Título: PREÇOS DO ÁLCOOL PODEM VOLTAR A SUBIR NA BOMBA
Autor: Eliane Oliveira/Ronaldo D"Ercole
Fonte: O Globo, 12/07/2006, Economia, p. 29

Exportações contribuem para reajuste do combustível, mas usineiros e governo descartam desabastecimento

SÃO PAULO e BRASÍLIA. Os preços do álcool combustível podem voltar a subir para os consumidores nas próximas semanas, embora o país esteja em plena safra da cana-de-açúcar. O preço do produto vendido pelas usinas paulistas, que abastecem 60% do mercado nacional, já subiram 7% desde meados de maio. Na última sexta-feira, segundo o Centro de Estudos Avançados em Economia Aplicada (Cepea/USP), o litro do álcool hidratado era cotado a R$0,89 nas usinas, depois de ter chegado a R$0,83 em 19 de maio. E esse aumento ainda não chegou às bombas.

- Até setembro, os preços do álcool não devem cair, nem subir, muito além do atual patamar - prevê Antonio de Pádua, diretor técnico da Unica, entidade que reúne as usinas paulistas.

Vendas para os EUA subiram 270% no 1º semestre

Mesmo que fique no patamar de R$0,90, o álcool combustível estará 34% mais caro do que em julho de 2005 (cerca de R$0,67). Por trás dessa nova realidade de preços estão dois fatores que nada têm a ver com o consumo doméstico.

O primeiro é a proibição, nos Estados Unidos, do uso do aditivo MTBE na gasolina, o que elevou as vendas do álcool (hidratado e anidro, misturado à gasolina) para aquele país. Elas subiram 523% em valor e 270% em volume no primeiro semestre frente a igual período de 2005.

O outro fator diz respeito aos preços internacionais do açúcar. No primeiro semestre, a cotação do produto subiu 37%. Com isso, embora o Brasil tenha vendido menos em volume no período (-21%), a receita exportada cresceu 8,7%. Ou seja, as usinas não têm, neste momento, grande necessidade de vender álcool ao mercado interno para fazer caixa e cobrir os custos de produção.

Para o diretor da Unica, no entanto, não há risco de desabastecimento nem de disparada nos preços do álcool. A produção no primeiro semestre foi 14% maior que no mesmo período de 2005. Além disso, observa Pádua, na maioria dos estados os preços já estão no limite (de 70% do da gasolina) que torna o álcool vantajoso:

- A perda de competitividade em relação à gasolina impõe limites a aumentos exagerados do álcool.

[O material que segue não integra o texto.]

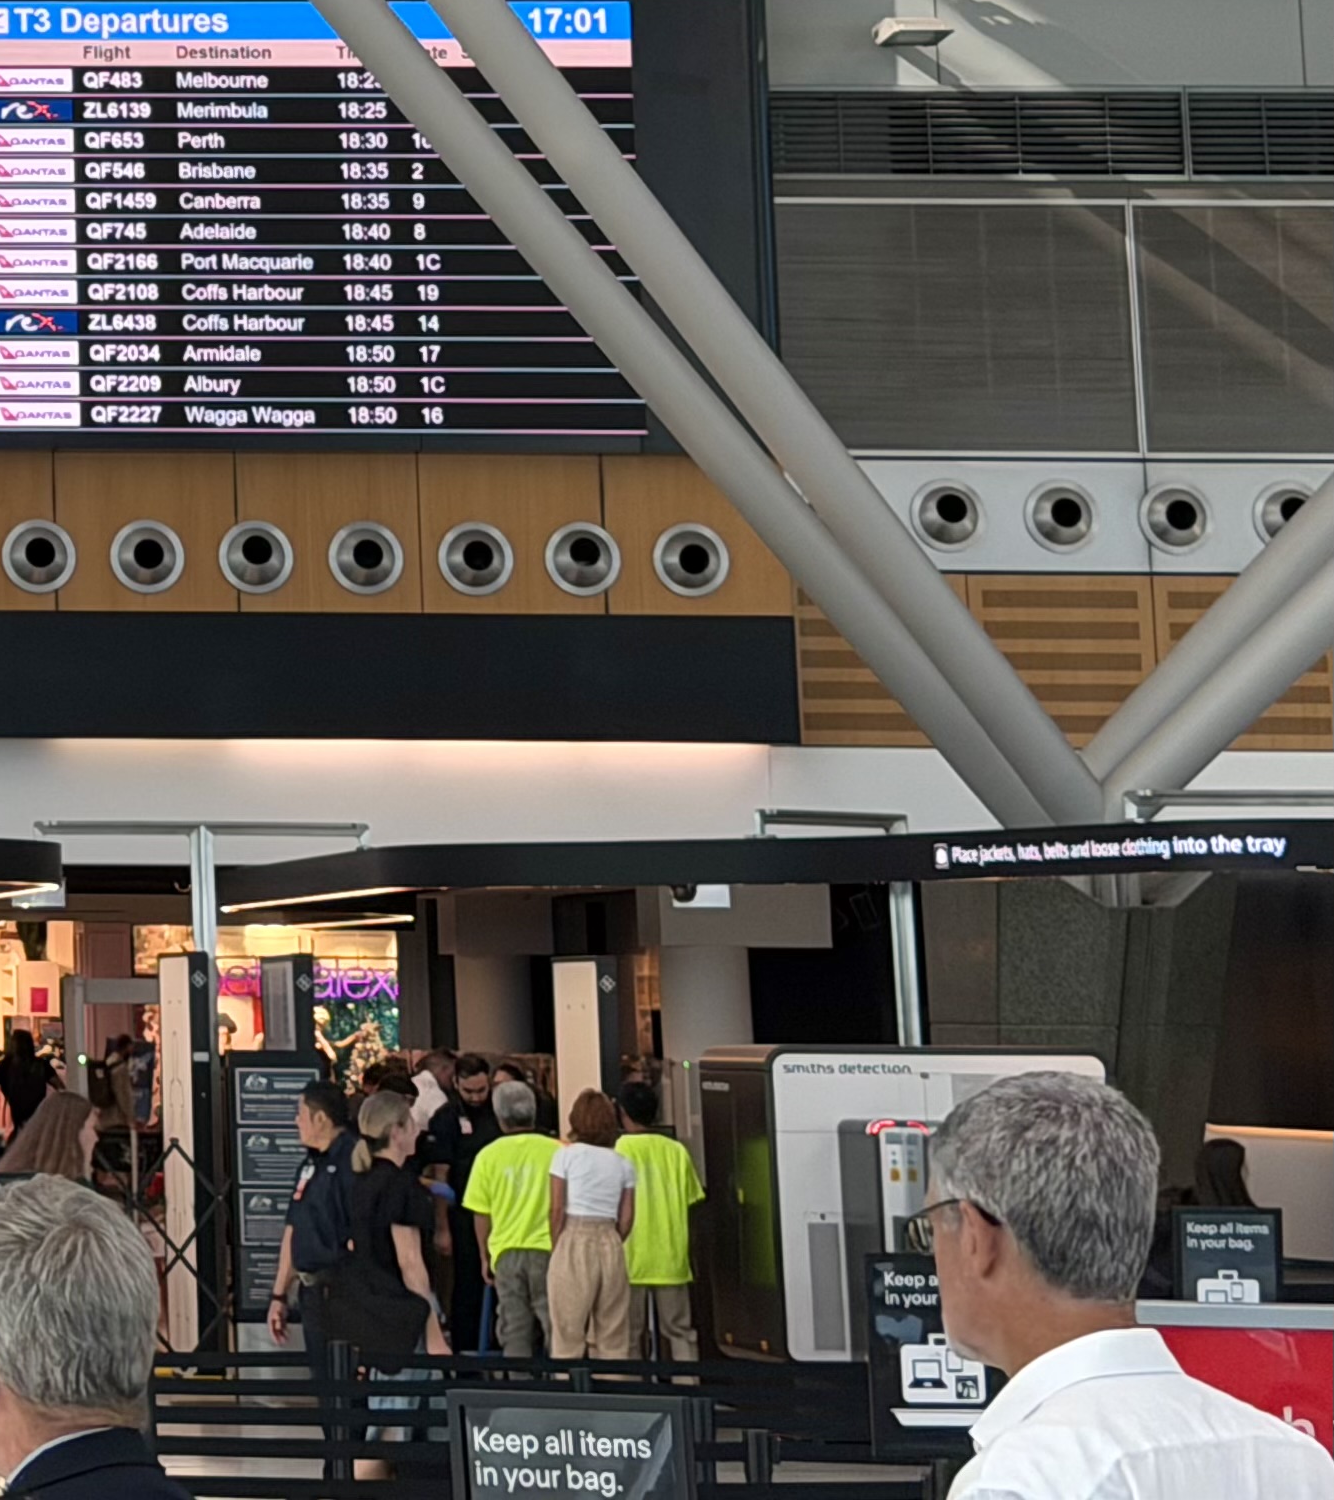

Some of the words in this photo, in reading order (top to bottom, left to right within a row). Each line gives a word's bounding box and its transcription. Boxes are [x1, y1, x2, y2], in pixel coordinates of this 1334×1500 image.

[14, 8, 51, 33] T3
[61, 8, 229, 40] Departures
[528, 8, 607, 33] 17:01
[83, 46, 131, 62] Flight
[176, 46, 272, 59] Destination
[83, 72, 143, 89] QF483
[176, 72, 269, 88] Melbourne
[83, 102, 151, 119] ZL6139
[177, 102, 268, 119] Merimbula
[338, 102, 387, 119] 18:25
[85, 132, 144, 149] QF653
[178, 132, 225, 149] Perth
[339, 132, 388, 149] 18:30
[85, 163, 145, 179] QF546
[179, 162, 256, 179] Brisbane
[340, 163, 389, 179] 18:35
[412, 163, 423, 179] 2
[86, 193, 156, 209] QF1459
[179, 193, 261, 209] Canberra
[341, 193, 390, 210] 18:35
[412, 193, 425, 210] 9
[86, 223, 146, 240] QF745
[180, 223, 256, 240] Adelaide
[342, 223, 391, 240] 18:40
[414, 223, 426, 240] 8
[87, 253, 158, 270] QF2166
[182, 253, 217, 270] Port
[222, 254, 314, 273] Macquarie
[343, 254, 391, 270] 18:40
[416, 254, 441, 270] 1C
[88, 284, 159, 300] QF2108
[182, 284, 227, 301] Coffs
[233, 284, 304, 301] Harbour
[344, 284, 393, 301] 18:45
[418, 284, 439, 301] 19
[88, 314, 156, 331] ZL6438
[182, 314, 228, 331] Coffs
[234, 314, 305, 331] Harbour
[345, 315, 394, 332] 18:45
[418, 315, 439, 331] 14
[90, 345, 161, 361] QF2034
[183, 345, 261, 361] Armidale
[346, 345, 395, 362] 18:50
[419, 345, 441, 362] 17
[90, 376, 161, 392] QF2209
[184, 376, 241, 395] Albury
[347, 376, 396, 393] 18:50
[420, 376, 445, 393] 1C
[91, 406, 162, 422] QF2227
[185, 406, 248, 426] Wagga
[252, 406, 315, 427] Wagga
[348, 407, 397, 424] 18:50
[421, 407, 443, 424] 16
[1172, 836, 1207, 854] into
[1210, 835, 1242, 853] the
[1245, 836, 1286, 857] tray
[783, 1064, 834, 1074] smiths
[838, 1064, 911, 1074] detection
[473, 1426, 539, 1459] Keep
[545, 1429, 574, 1456] all
[579, 1430, 652, 1459] items
[474, 1460, 498, 1486] in
[502, 1467, 561, 1493] your
[565, 1463, 624, 1498] bag.

O governo federal também descarta nova crise do álcool, agora ou na virada do ano, início da entressafra. Segundo o diretor do Departamento de Cana-de-Açúcar e Agroenergia do Ministério da Agricultura, Angelo Bressan, o movimento está normal. Mas ele admitiu que a alta pode estar sendo influenciada pelas exportações, que, segundo a Unica, devem atingir 1,9 bilhão de litros até setembro, volume igual ao exportado durante toda a última safra:

- O reajuste de São Paulo é um movimento isolado e dentro da margem com que trabalhamos. O mesmo não se vê em outras partes do país.

Para Marta Marjotta Maistro, do Cepea/USP, não há alterações significativas nos preços nesta safra em comparação à anterior. Ela frisou que as exportações estão aquecidas, mas o mercado interno é que pesa na demanda, por causa dos veículos bicombustíveis. Marta lembrou que o preço do álcool fechou março - pico da entressafra - em R$1,19142 o anidro e R$1,20853 o hidratado. Em junho, o valor do anidro caiu para R$0,98366 e o do hidratado, para R$0,85455 na usina, queda de até 29,29%.

Ao descartar uma crise na entressafra, Bressan lembrou a produção recorde de cana-de-açúcar este ano, estimada em 469,8 milhões de toneladas, o que daria 17,8 bilhões de litros de álcool hidratado. Mas ele reconheceu que, para o país ficar em situação confortável, seria preciso um estoque de 2 bilhões de litros na entressafra, financiados com R$1 bilhão. O problema, explicou, é que esses recursos não estão previstos no Orçamento de 2006.